Grove was unable to contribute substantially during his first year in Boston, an arm injury holding him to an 8–8 record. In 1935, however, Grove returned to form with a 20–12 record and a league-leading 2.70 ERA. In the 1936 season, he had a 2.81 ERA (winning his seventh ERA title) while recording a 17–12 record and 130 strikeouts. Grove won his eighth ERA title a year later, while having a 17–9 record along with 153 strikeouts. He pitched 262 innings for the season; this was his 11th and final season where he pitched over 200 innings.

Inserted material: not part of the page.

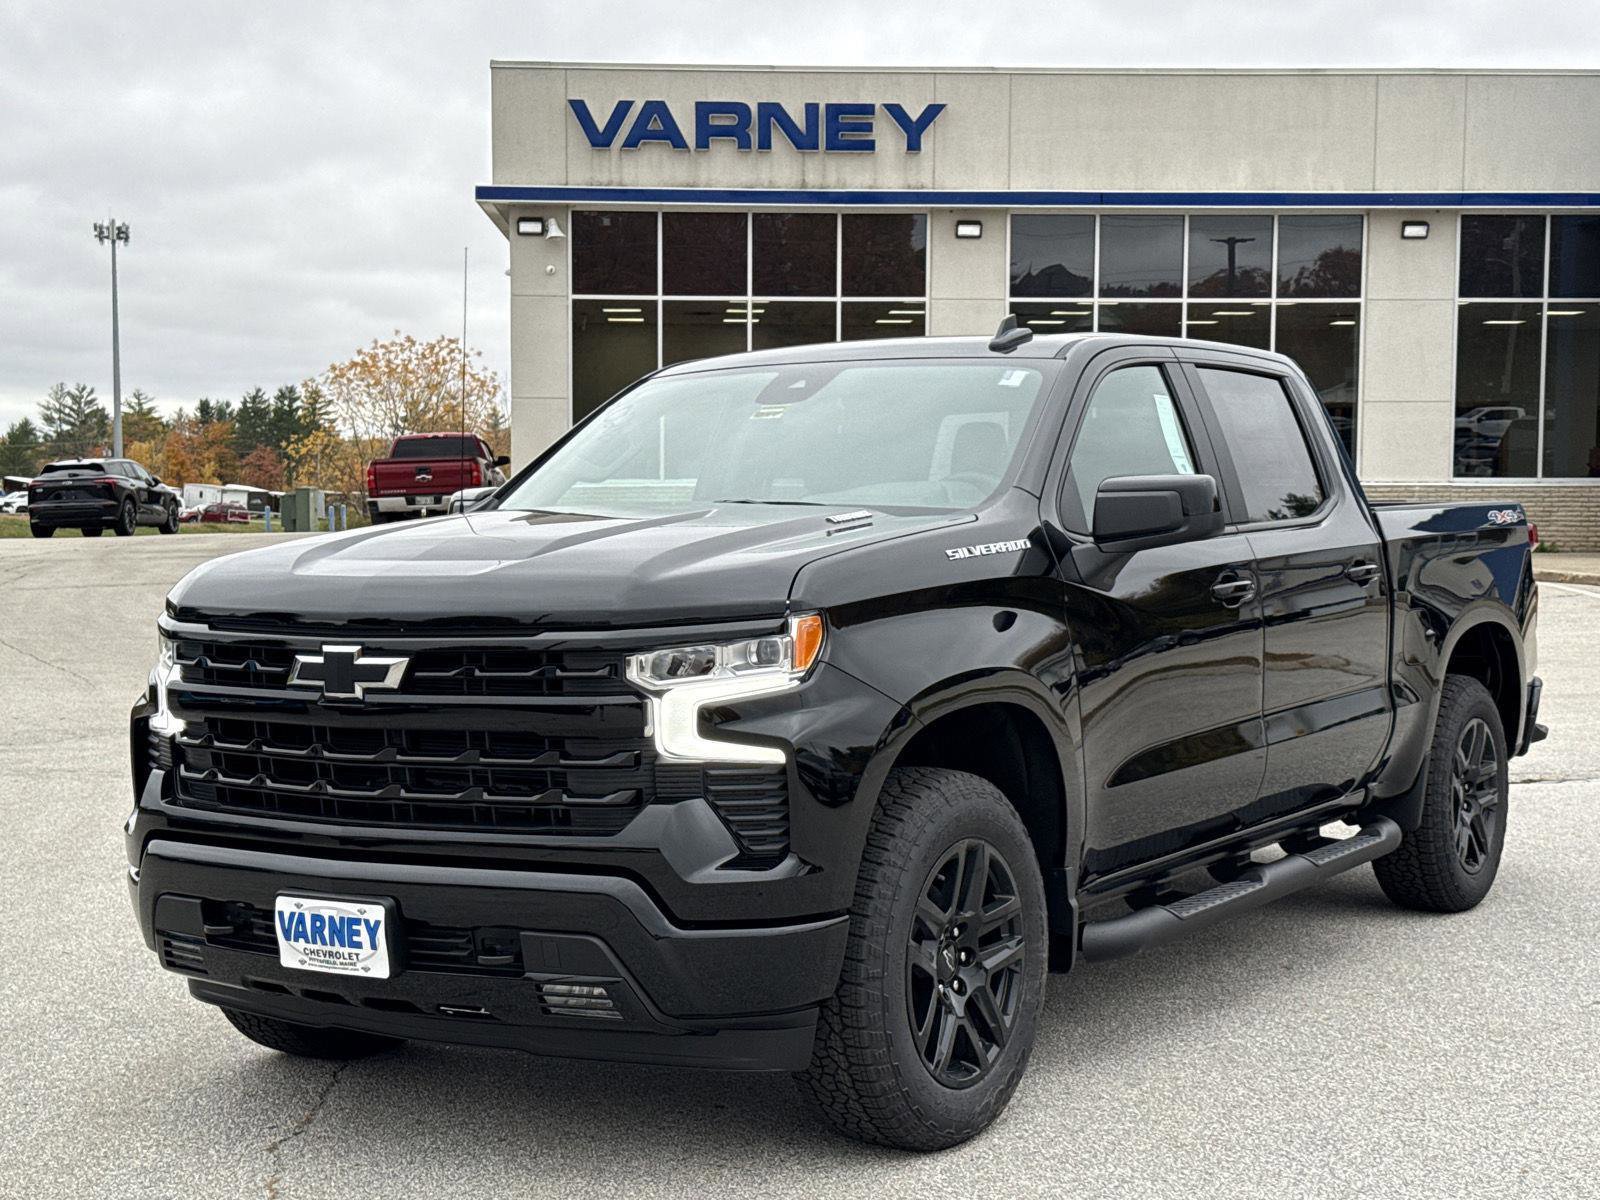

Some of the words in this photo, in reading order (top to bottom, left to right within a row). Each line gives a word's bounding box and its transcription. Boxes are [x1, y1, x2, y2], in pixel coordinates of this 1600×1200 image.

[567, 99, 948, 153] VARNEY
[945, 538, 1031, 560] SILVERADO
[277, 910, 381, 951] VARNEY
[303, 947, 360, 961] CHEVROLET

Grove continued to post outstanding records, including 14–4 in 1938 and 15–4 in 1939, as well as leading the AL in ERA four times between 1935 and 1939. He had a 7–6 record in 1940 while recording a 3.99 ERA with 62 strikeouts in 153.1 innings. In Grove's last season, he won and lost seven games, winning his 300th game on July 25 (giving up six runs on 12 hits, but winning 10–6), before losing his last three major league games, ending his career on September 28, pitching just one inning in the second game of a doubleheader.

==Personal life==
Grove married his childhood sweetheart, Ethel Gardner, in 1921. They had two children, Robert and Doris. The couple would later divorce after Grove had an affair with another woman.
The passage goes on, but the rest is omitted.